=== Section Start ===
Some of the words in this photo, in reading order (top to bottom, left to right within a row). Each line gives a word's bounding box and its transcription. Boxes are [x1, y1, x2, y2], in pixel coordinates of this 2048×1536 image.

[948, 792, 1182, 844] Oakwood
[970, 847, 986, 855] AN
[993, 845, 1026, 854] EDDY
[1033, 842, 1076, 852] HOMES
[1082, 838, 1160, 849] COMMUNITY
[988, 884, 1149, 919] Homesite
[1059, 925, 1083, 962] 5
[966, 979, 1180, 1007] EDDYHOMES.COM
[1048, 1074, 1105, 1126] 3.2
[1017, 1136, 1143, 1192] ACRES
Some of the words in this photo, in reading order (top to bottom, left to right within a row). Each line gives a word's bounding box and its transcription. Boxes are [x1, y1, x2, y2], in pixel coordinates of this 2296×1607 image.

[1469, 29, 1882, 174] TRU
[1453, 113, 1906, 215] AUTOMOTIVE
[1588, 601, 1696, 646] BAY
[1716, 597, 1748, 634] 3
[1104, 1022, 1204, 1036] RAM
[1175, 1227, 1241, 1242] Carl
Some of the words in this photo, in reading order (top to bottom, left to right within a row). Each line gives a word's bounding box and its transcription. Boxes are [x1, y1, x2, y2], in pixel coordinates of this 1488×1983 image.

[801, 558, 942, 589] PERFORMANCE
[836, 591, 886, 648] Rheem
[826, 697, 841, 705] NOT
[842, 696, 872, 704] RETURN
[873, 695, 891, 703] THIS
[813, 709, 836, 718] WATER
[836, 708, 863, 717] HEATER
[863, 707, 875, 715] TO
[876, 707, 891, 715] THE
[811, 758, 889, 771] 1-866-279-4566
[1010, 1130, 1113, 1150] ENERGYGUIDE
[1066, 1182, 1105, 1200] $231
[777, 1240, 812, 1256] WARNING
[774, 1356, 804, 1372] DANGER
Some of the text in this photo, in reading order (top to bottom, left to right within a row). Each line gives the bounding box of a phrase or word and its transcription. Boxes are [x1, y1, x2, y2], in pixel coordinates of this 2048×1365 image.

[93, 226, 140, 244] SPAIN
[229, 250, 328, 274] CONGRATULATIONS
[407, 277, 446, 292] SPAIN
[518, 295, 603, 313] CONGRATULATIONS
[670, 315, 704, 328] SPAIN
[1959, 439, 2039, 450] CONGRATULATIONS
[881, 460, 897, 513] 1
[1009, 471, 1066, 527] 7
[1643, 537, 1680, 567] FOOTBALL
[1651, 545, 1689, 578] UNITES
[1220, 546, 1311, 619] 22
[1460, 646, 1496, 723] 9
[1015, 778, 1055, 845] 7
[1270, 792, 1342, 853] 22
=== Section End ===
Task:
Repeat all of the records, letter for letter.

Response to this exercise:
Some of the words in this photo, in reading order (top to bottom, left to right within a row). Each line gives a word's bounding box and its transcription. Boxes are [x1, y1, x2, y2], in pixel coordinates of this 2048×1536 image.

[948, 792, 1182, 844] Oakwood
[970, 847, 986, 855] AN
[993, 845, 1026, 854] EDDY
[1033, 842, 1076, 852] HOMES
[1082, 838, 1160, 849] COMMUNITY
[988, 884, 1149, 919] Homesite
[1059, 925, 1083, 962] 5
[966, 979, 1180, 1007] EDDYHOMES.COM
[1048, 1074, 1105, 1126] 3.2
[1017, 1136, 1143, 1192] ACRES
Some of the words in this photo, in reading order (top to bottom, left to right within a row). Each line gives a word's bounding box and its transcription. Boxes are [x1, y1, x2, y2], in pixel coordinates of this 2296×1607 image.

[1469, 29, 1882, 174] TRU
[1453, 113, 1906, 215] AUTOMOTIVE
[1588, 601, 1696, 646] BAY
[1716, 597, 1748, 634] 3
[1104, 1022, 1204, 1036] RAM
[1175, 1227, 1241, 1242] Carl
Some of the words in this photo, in reading order (top to bottom, left to right within a row). Each line gives a word's bounding box and its transcription. Boxes are [x1, y1, x2, y2], in pixel coordinates of this 1488×1983 image.

[801, 558, 942, 589] PERFORMANCE
[836, 591, 886, 648] Rheem
[826, 697, 841, 705] NOT
[842, 696, 872, 704] RETURN
[873, 695, 891, 703] THIS
[813, 709, 836, 718] WATER
[836, 708, 863, 717] HEATER
[863, 707, 875, 715] TO
[876, 707, 891, 715] THE
[811, 758, 889, 771] 1-866-279-4566
[1010, 1130, 1113, 1150] ENERGYGUIDE
[1066, 1182, 1105, 1200] $231
[777, 1240, 812, 1256] WARNING
[774, 1356, 804, 1372] DANGER
Some of the text in this photo, in reading order (top to bottom, left to right within a row). Each line gives the bounding box of a phrase or word and its transcription. Boxes are [x1, y1, x2, y2], in pixel coordinates of this 2048×1365 image.

[93, 226, 140, 244] SPAIN
[229, 250, 328, 274] CONGRATULATIONS
[407, 277, 446, 292] SPAIN
[518, 295, 603, 313] CONGRATULATIONS
[670, 315, 704, 328] SPAIN
[1959, 439, 2039, 450] CONGRATULATIONS
[881, 460, 897, 513] 1
[1009, 471, 1066, 527] 7
[1643, 537, 1680, 567] FOOTBALL
[1651, 545, 1689, 578] UNITES
[1220, 546, 1311, 619] 22
[1460, 646, 1496, 723] 9
[1015, 778, 1055, 845] 7
[1270, 792, 1342, 853] 22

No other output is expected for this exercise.